Sunday, July 4, 2010

Does God Really Care Which Christian Religion is Best?

As part of my new journey, I am searching for a new church.  I sometimes ask myself why I am doing this.. why do I put myself through yet another transition? Well, I feel a momentum to explore more things, to break out of my mold, to see what else is out there that could move my spirit perhaps in a more natural, grass-roots type of way.  Right now, the Catholic church to me feels formal, stale, heterosexual.  Although I do value the spiritual disciplines that I have gained from my most recent faith growth the past 2 years, I do not envision myself growing anymore as a contributing member... mostly because the whole "Catholic" social networks are geared toward heterosexual couples, and dating, and young adult groups... that just do not provide me with hope any longer. The whole "Catholic" thing, as a package, just creates sometimes a negative visceral response, associated with the resentment I harbor toward not being about to reconcile, in myself, the double standards in the Church.  I also cannot stand the intellectualizing of homosexuality, building a theology around homosexuality in order to promote their beliefs... which just have no basis in the roots of the human spirit or homosexuality.

So, I continue my journey. I went to a local community non-denominational church last week, and enjoyed the structure.  This week, I will venture into the Metropolitan Community Church, which sponsors the LGBT Center, and definitely is geared toward the gay community.

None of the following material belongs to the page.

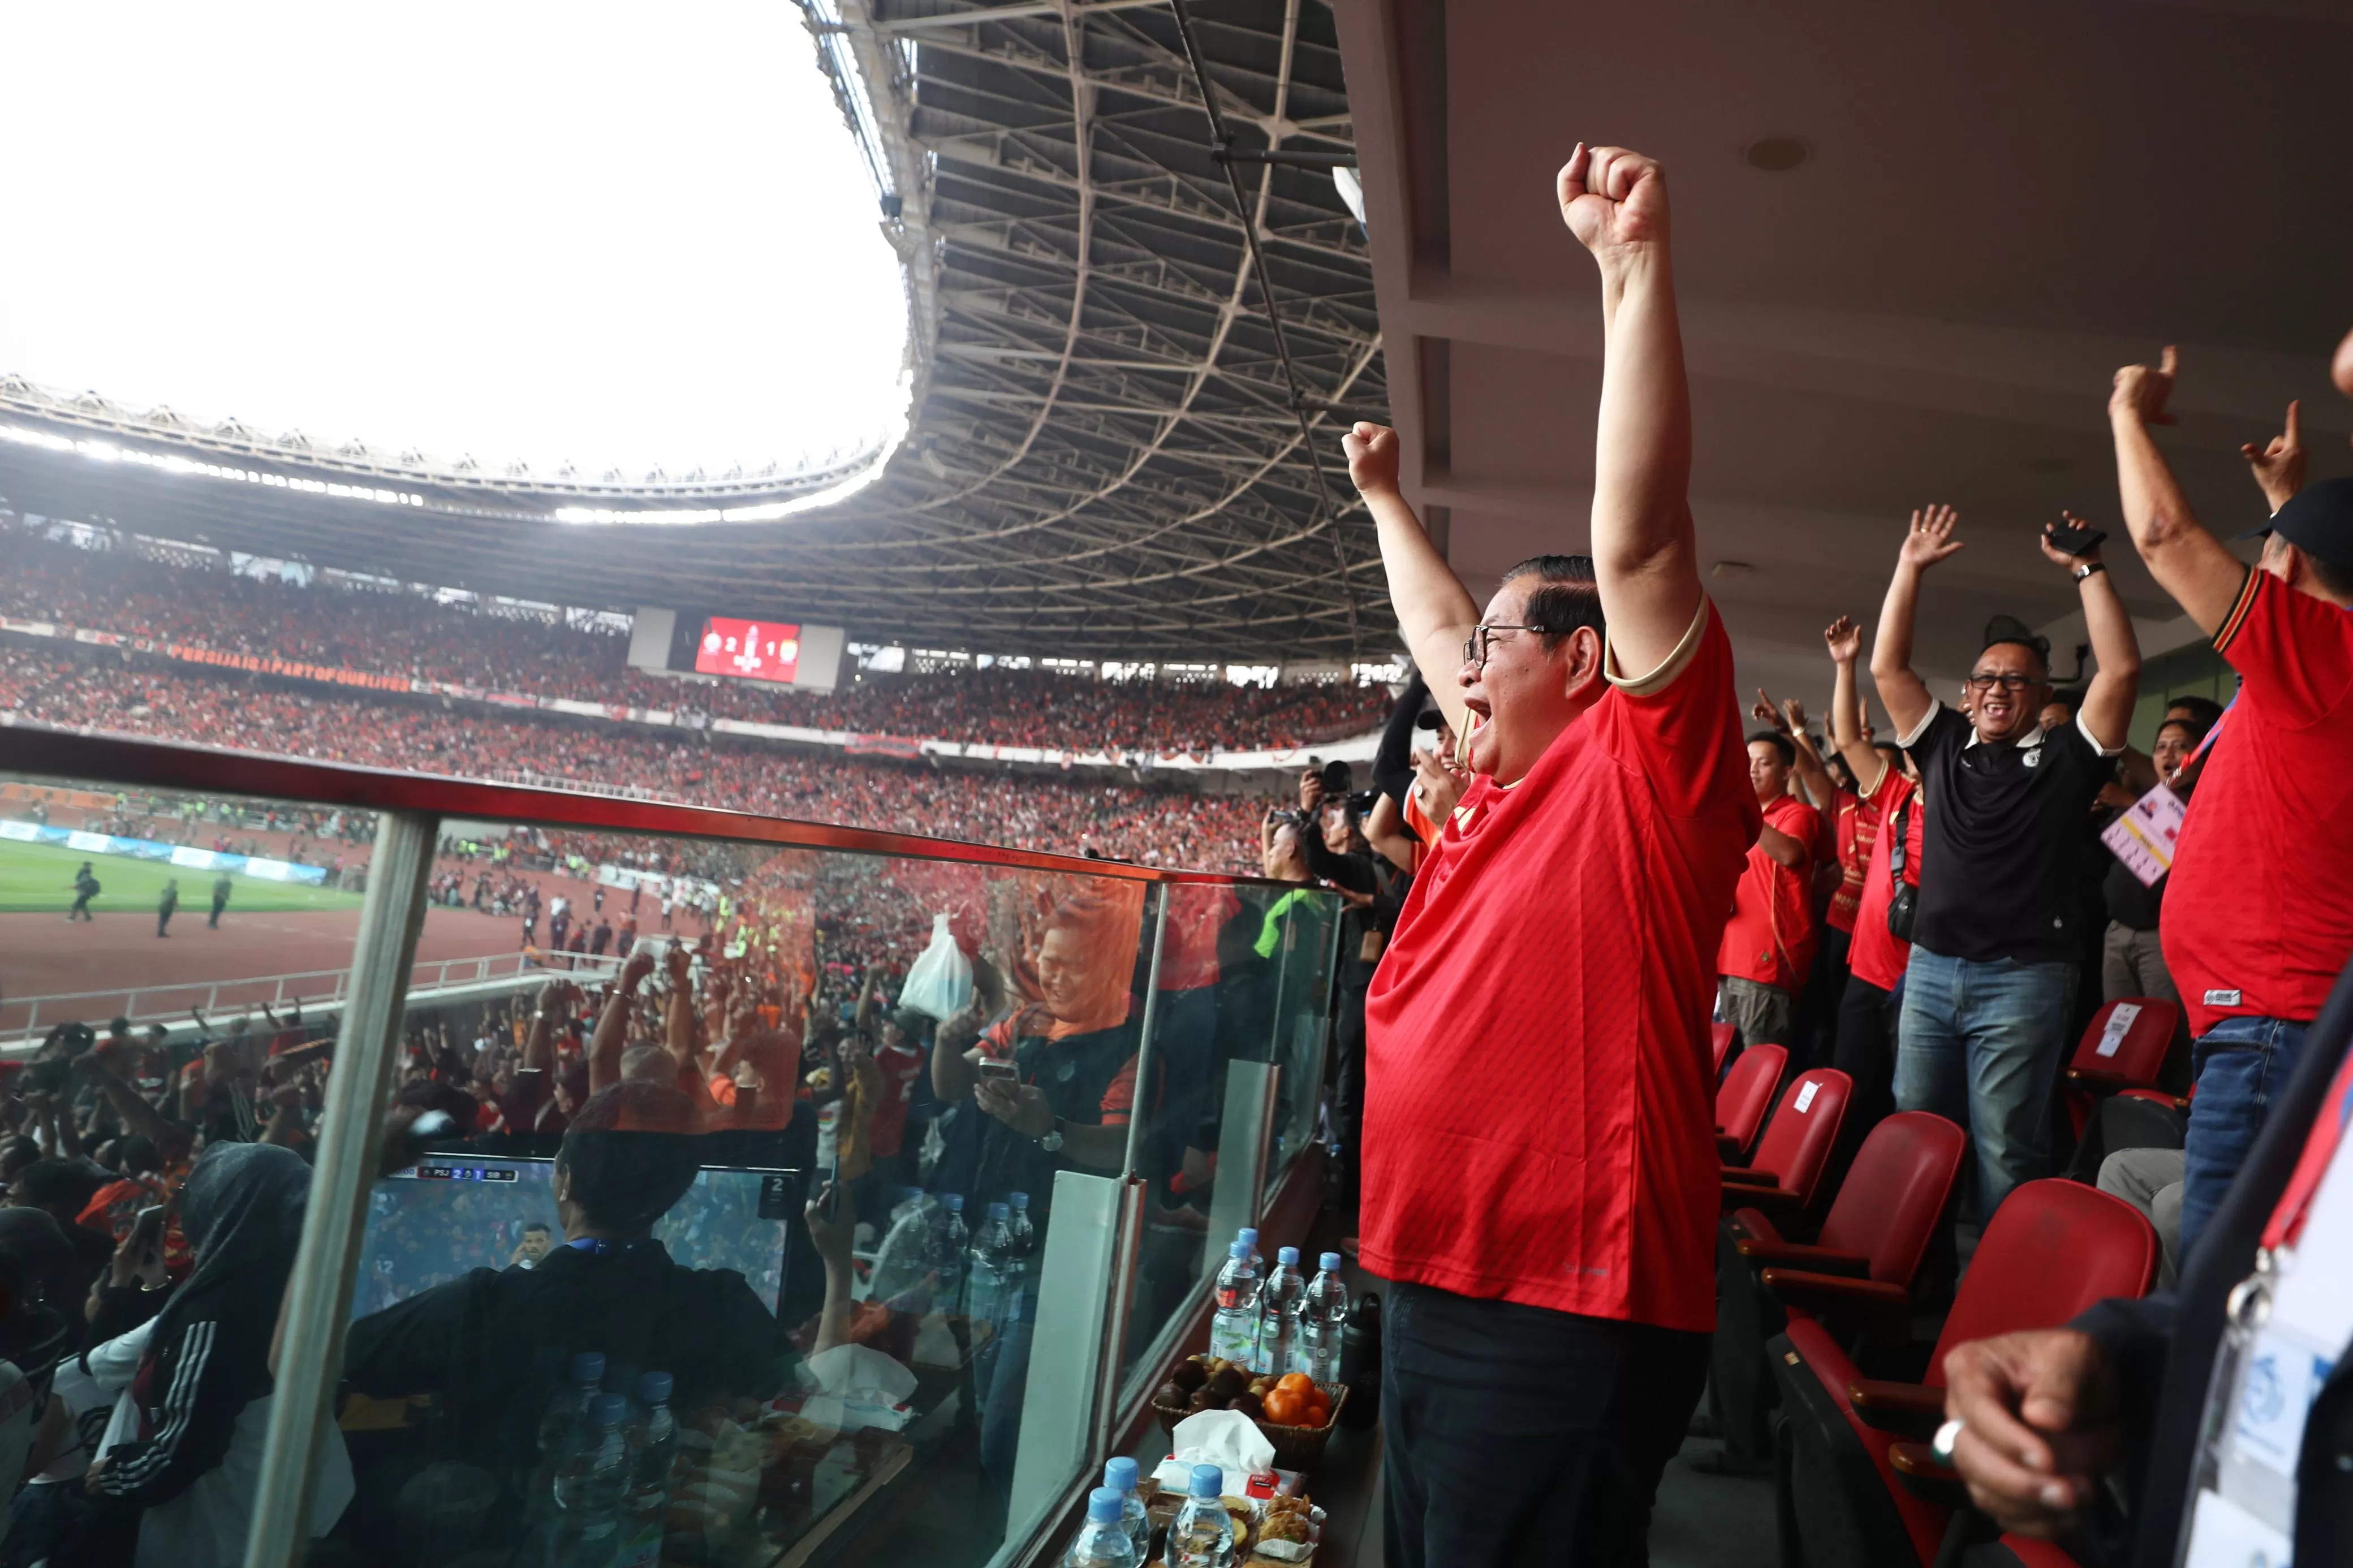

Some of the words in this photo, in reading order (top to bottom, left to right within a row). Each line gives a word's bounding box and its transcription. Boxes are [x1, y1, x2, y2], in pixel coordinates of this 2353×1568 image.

I am a little nervous, to say the least, but just very eager to explore what it has to offer.  The next churches may include the Episcopalian churches around town, but I may then go back to the first bible church.. which felt vibrant, young, and energetic.

I thank God for my exposure to the Bible during the last couple years with my Catholic group. Without that, I would not have gained this appreciation of the Bible verses, small group studies, and speaking with other non-Catholic Christians about God's Word, and how it has affected me in so many ways. This has led me to explore other Christian religions.

A few things I am looking for in a church include a) active young adult / singles ministry; b) no hidden agendas or anti-homosexuality beliefs; c) social justice and community service opportunities; d) good music ministry; e) small group faith groups; f) other social outlets like men's breakfasts or weekly social gatherings or prayer times.

When I do finally find a new home to practice my Christian faith, I will consider to still go to Mass on Holy Days, Easter, and Christmas... in order to tap into those familiar feelings of rituals, sacraments, and old-world wisdom that does still appeal to me in many ways.  But, saying that, I need to spend a majority of my time in a more vibrant young community who can serve God in a more open and liberal way.

Although a few weeks ago I was feeling guilty about leaving the Catholic Church... which was odd anyhow... I am feeling much better about it now.  Why would one feel guilty about leaving the Church? It really has a hold on me,, perhaps because I have revered it in a way for so long, and really did strive to be a part of this structure and please God , family, and friends in this way.

I still want to hold onto my meditation and journal rituals, relying upon Thomas Merton and Henri Nouwen, and an occasional mass during the week for communion, or Holy days of obligation.  But for now, I need to chart this path. I should not feel bad about this. It's not like I'm casting away my belief in God, and the need to look toward Jesus as a good leader, person, and example.. Does God really care which Christian religion is best? I do not think so.